Gastos com segurança ameaçam a realização festivais na Europa

30/08/2018

 

Os gastos com segurança ameaçaram a realização de vários festivais de verão em diversos países da Europa este ano, nomeadamente na França, no Reino Unido e na Bélgica, que foram dos países mais fustigados com ataques terroristas num passado recente.

 

Os festivais são o novo "boom" cultural e com isso trazem atrelados a si um importante fator de mediatismo que importa ser preservado e defendido.

 

A título de exemplo o governo francês decidiu cobrar aos promotores de festivais de música e outras atividades culturais uma contribuição financeira extraordinária para cobrir os gastos com o envio de polícias responsáveis pela segurança nomeadamente na deteção e prevenção de atentados - e.g. materiais especiais; blocos de cimento para fechar ruas; barreiras metálicas; câmaras de vigilância.

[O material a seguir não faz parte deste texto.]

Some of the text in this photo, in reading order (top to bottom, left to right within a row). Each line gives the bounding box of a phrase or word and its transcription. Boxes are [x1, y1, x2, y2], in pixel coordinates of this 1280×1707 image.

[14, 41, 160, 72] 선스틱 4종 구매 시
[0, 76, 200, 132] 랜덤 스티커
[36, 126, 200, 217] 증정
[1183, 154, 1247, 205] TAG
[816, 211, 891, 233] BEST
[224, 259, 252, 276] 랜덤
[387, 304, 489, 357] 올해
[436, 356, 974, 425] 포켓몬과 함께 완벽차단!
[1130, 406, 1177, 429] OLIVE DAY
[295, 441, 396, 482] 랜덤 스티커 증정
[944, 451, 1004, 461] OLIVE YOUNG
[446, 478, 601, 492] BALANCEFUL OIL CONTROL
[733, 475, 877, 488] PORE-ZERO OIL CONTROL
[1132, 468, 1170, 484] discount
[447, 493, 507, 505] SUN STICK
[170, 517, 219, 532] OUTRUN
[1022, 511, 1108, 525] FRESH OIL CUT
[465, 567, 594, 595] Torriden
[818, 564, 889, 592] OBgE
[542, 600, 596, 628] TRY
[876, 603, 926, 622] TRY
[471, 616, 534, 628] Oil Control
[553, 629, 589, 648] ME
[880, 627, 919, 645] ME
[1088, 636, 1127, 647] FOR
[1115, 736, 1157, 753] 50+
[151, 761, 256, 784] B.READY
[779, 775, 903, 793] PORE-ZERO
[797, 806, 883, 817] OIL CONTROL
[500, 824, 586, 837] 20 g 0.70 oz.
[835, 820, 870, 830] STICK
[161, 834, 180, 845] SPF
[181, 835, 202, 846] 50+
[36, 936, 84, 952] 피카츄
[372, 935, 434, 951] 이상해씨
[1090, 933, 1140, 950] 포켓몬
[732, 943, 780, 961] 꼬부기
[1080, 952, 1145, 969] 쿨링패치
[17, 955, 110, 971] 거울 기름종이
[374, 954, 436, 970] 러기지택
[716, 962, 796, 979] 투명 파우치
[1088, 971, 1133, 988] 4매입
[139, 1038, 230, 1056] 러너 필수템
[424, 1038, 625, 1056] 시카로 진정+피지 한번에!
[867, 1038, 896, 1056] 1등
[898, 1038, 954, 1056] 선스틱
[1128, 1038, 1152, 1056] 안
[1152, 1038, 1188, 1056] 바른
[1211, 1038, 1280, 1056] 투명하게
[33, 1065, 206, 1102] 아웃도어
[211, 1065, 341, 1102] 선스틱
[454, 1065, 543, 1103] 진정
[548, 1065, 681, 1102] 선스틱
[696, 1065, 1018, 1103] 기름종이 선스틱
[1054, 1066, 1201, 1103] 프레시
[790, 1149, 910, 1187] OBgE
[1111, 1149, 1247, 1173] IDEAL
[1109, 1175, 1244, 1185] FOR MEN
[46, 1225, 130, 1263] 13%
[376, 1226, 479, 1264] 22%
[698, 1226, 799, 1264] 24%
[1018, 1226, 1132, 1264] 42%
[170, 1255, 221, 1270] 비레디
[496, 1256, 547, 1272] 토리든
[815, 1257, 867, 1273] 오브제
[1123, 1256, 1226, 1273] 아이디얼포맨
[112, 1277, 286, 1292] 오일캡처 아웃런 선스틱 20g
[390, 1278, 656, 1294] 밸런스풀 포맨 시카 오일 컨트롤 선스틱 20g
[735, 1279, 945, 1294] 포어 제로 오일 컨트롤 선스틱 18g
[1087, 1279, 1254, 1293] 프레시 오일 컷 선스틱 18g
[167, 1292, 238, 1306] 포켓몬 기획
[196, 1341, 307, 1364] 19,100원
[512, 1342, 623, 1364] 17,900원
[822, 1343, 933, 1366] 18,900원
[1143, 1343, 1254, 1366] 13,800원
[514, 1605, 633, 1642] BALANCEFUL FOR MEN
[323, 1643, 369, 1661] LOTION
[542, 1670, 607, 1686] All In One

Ao temer um impacto orçamental grave, na área de segurança pela implementação da nova taxa que poderá implicar 100 a 120% de agravante financeira em muitos casos, alguns promotores decidiram não realizar as edições de 2018 (e.g. Champs Libres) ou cumpriram as mesmas com um notório défice artístico (e.g. Les Eurockéennes) quando comparado com anos anteriores e pensam não realizar as edições do próximo ano.

 

A ameaça terrorista que paira na Europa faz com que as exigências em termos de segurança em recintos ao ar livre sejam cada vez maiores, existindo ainda um grande défice de controlo em eventos de entrada gratuita que aumentaram de número (e aqui Portugal tem também muito a implementar e fazer cumprir) nas áreas de música, dança, teatro, gastronomia e de cruzamentos artísticos. Noutros países para se garantir a tranquilidade do público foi preciso reforço policial e de agentes de segurança privada assim como um maior critério de revista e proibição de materiais a entrarem em recintos.

 

Isto será um problema futuro em Portugal ou viveremos para sempre de brandos costumes? Os festivais têm orçamentos na sua grande maioria com pouca margem de manobra económica e por isso o futuro passará por mais presença musculada de polícia e outras entidades e o que será com isso descurado? Estará o público português disposto a pagar ou pagar mais para aceder à cultura (em segurança), à qual muitas vezes tem já dificuldade em valorizar? Deverão existir então novos apoios aos promotores?